Cleaver-Brooks waste heat boilers come in A-, O- and D-style designs and operate at 10,000 to 500,000 pounds per hour, temperatures to 900°F, steam pressures up to 2,300 psig, and gas flow rates up to 1,000,000 pounds per hour.
Cleaver-Brooks waste heat watertube boilers are offered in a single-pass design or multiple-pass design including furnace/radiant sections.
The natural circulation designs have membrane-wall construction. The single-pass designs have the steam and water drums positioned parallel or perpendicular to the gas flow and can incorporate an internal or external superheater, soot blowers, and economizers.
Multiple-pass designs include a radiant/furnace section to temper the heat of the flue gases before entering the screen or main evaporator bank and are available in A-type, D-type, or O-type configurations.
Multiple casing design options include internally lined and insulated, refractory construction, or membrane-wall construction. A vertical (top) or horizontal gas outlet conforms to the space restrictions.
Other features include a combination of bare and finned tubes depending on flue gas recovery and full-length steam and hot water drums with manways on each end for ease of access.
Capstone Turbine Corporation recently expanded into the critical power market with two new Capstone C65 CHP projects at North American hospitals, notes Jim Crouse, Capstone’s executive vice president of sales and marketing.
The projects align with the company’s goals to target hospitals and other healthcare facilities that require critical power on a continual basis. Capstone microturbines are designed to significantly reduce operating costs and “allow healthcare facilities to take control of their energy resiliency and carbon footprint, making critical power supply more of a target market vertical going forward,” adds Crouse.

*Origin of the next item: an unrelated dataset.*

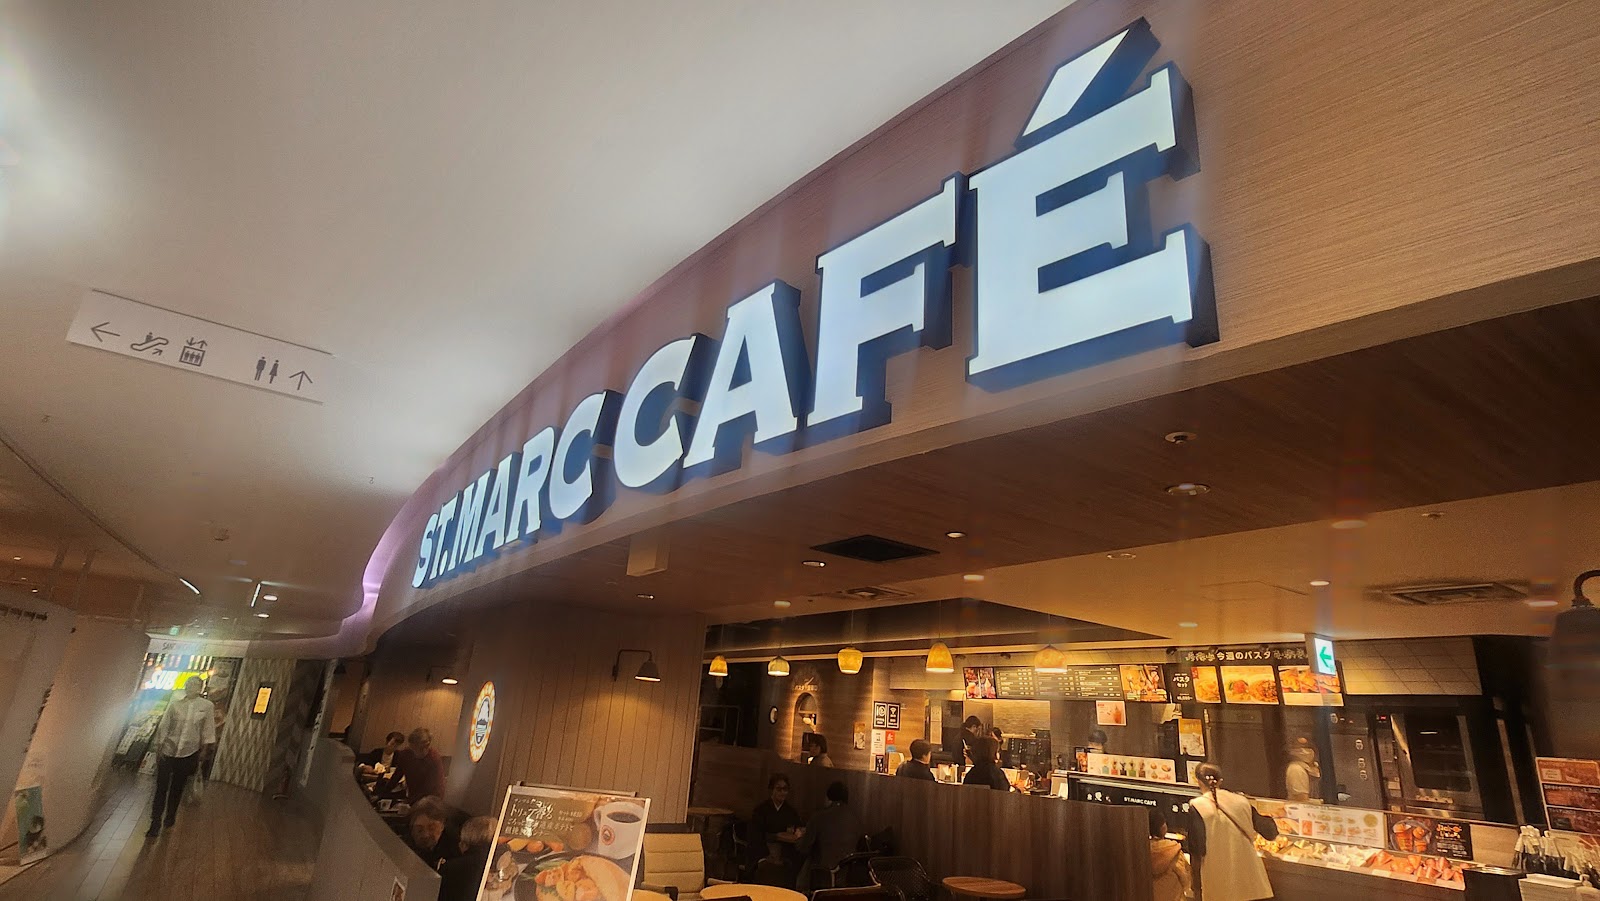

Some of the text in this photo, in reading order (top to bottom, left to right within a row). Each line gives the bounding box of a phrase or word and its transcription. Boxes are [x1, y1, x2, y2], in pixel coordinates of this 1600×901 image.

The C65 microturbine is designed as Capstone’s most efficient power generation solution when installed in a CHP or CCHP configuration, says Crouse.
“With efficiency levels of up to 80% for CHP and 90% for CCHP, critical power facilities like hospitals and medical centers can benefit the most as they are constantly using electrical and thermal energy to care for their patients and staff,” he says. “Hospitals require a robust and reliable energy source as well as backup power should there ever be a loss of power, making them an ideal application for the C65.”